- ACTION ITEM:
Pictures do not belong in the copy; restate the records below word for word.

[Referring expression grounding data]
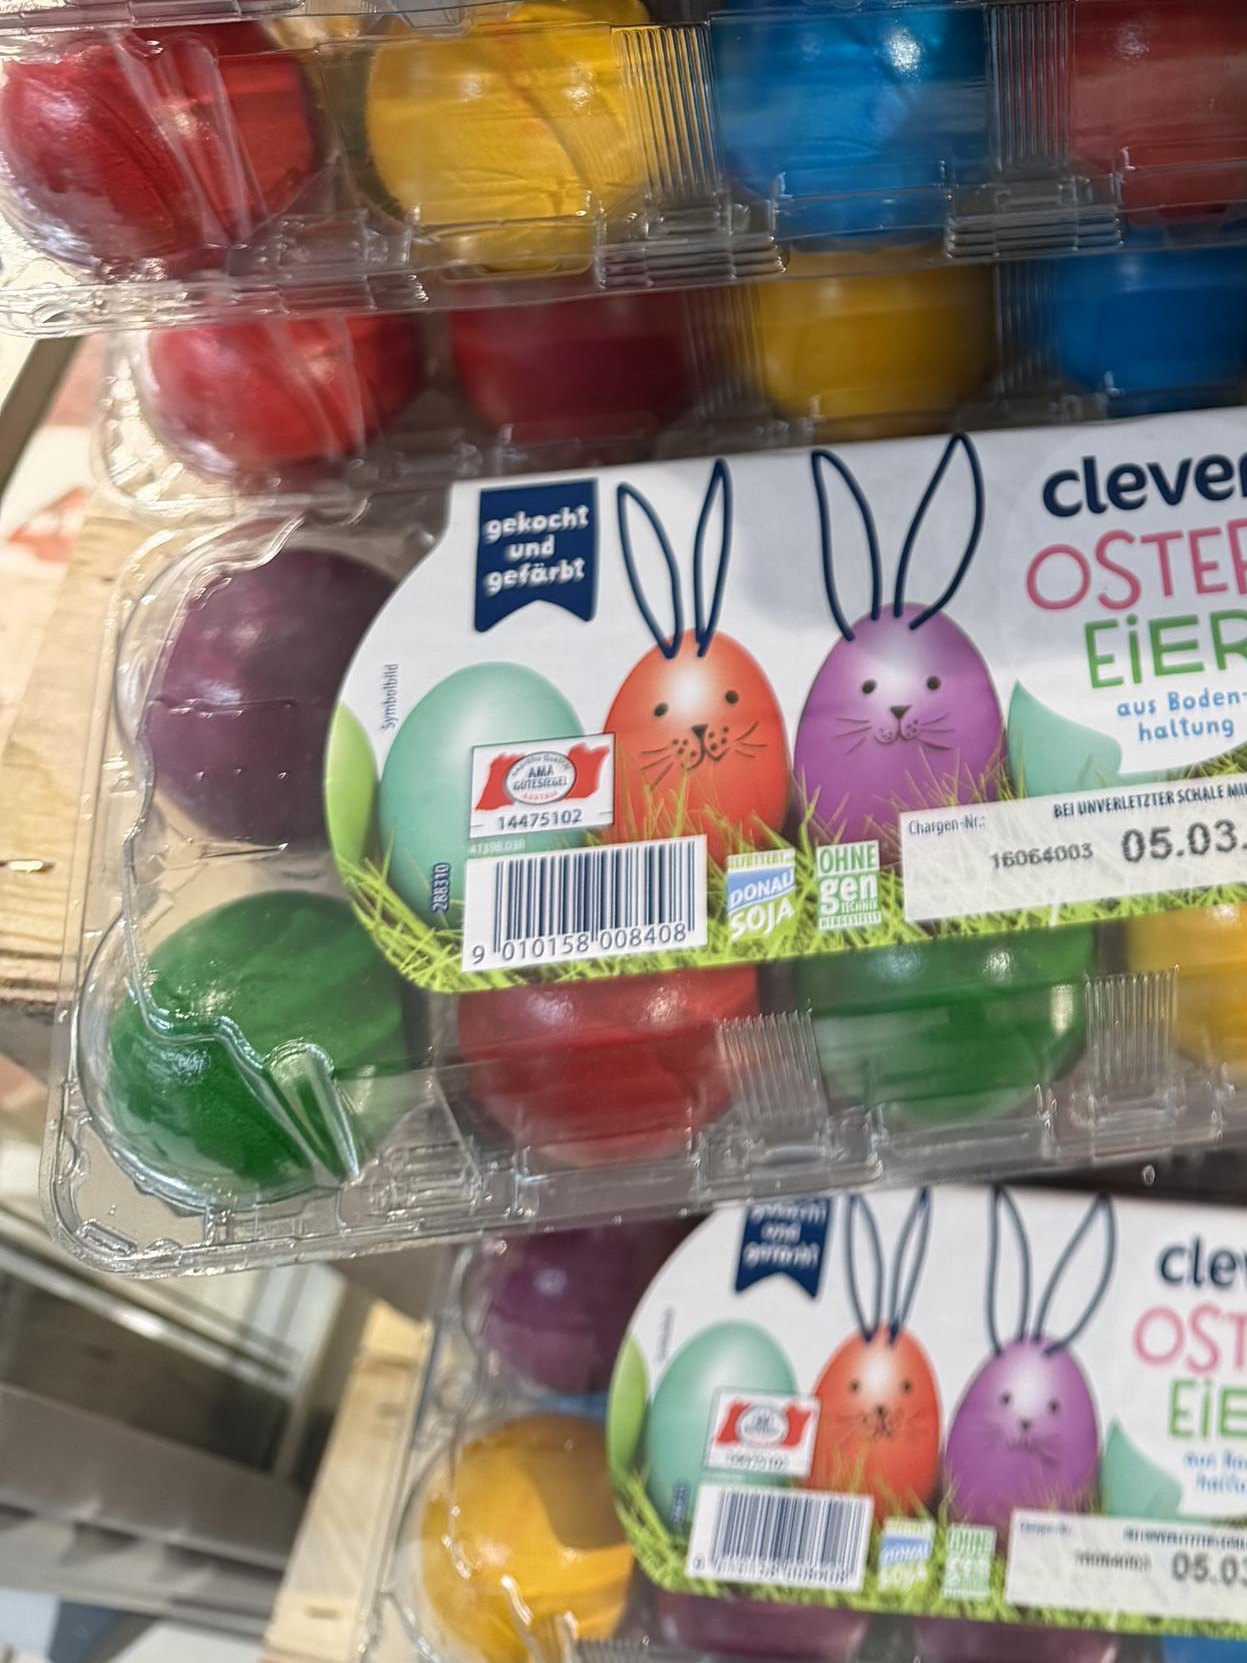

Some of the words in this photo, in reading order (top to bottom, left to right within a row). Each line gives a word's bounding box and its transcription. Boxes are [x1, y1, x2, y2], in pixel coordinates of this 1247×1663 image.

[485, 505, 589, 539] gekocht
[510, 538, 555, 559] und
[486, 560, 585, 596] gefärbt
[381, 663, 399, 730] Symbolbild
[1116, 694, 1158, 719] aus
[1138, 713, 1236, 745] haltung
[1053, 803, 1075, 819] BEI
[1077, 789, 1176, 816] UNVERLETZTER
[1177, 785, 1225, 804] SCHALE
[498, 809, 583, 830] 14475102
[908, 815, 986, 836] Chargen-Nr.:
[819, 844, 876, 874] OHNE
[990, 843, 1094, 869] 16064003
[730, 868, 795, 910] DONAU
[819, 874, 878, 914] gen
[729, 900, 796, 940] SOJA
[472, 945, 485, 964] 9
[502, 934, 590, 961] 010158
[600, 923, 686, 950] 008408

- ANSWER TO THIS TASK:
Some of the words in this photo, in reading order (top to bottom, left to right within a row). Each line gives a word's bounding box and its transcription. Boxes are [x1, y1, x2, y2], in pixel coordinates of this 1247×1663 image.

[485, 505, 589, 539] gekocht
[510, 538, 555, 559] und
[486, 560, 585, 596] gefärbt
[381, 663, 399, 730] Symbolbild
[1116, 694, 1158, 719] aus
[1138, 713, 1236, 745] haltung
[1053, 803, 1075, 819] BEI
[1077, 789, 1176, 816] UNVERLETZTER
[1177, 785, 1225, 804] SCHALE
[498, 809, 583, 830] 14475102
[908, 815, 986, 836] Chargen-Nr.:
[819, 844, 876, 874] OHNE
[990, 843, 1094, 869] 16064003
[730, 868, 795, 910] DONAU
[819, 874, 878, 914] gen
[729, 900, 796, 940] SOJA
[472, 945, 485, 964] 9
[502, 934, 590, 961] 010158
[600, 923, 686, 950] 008408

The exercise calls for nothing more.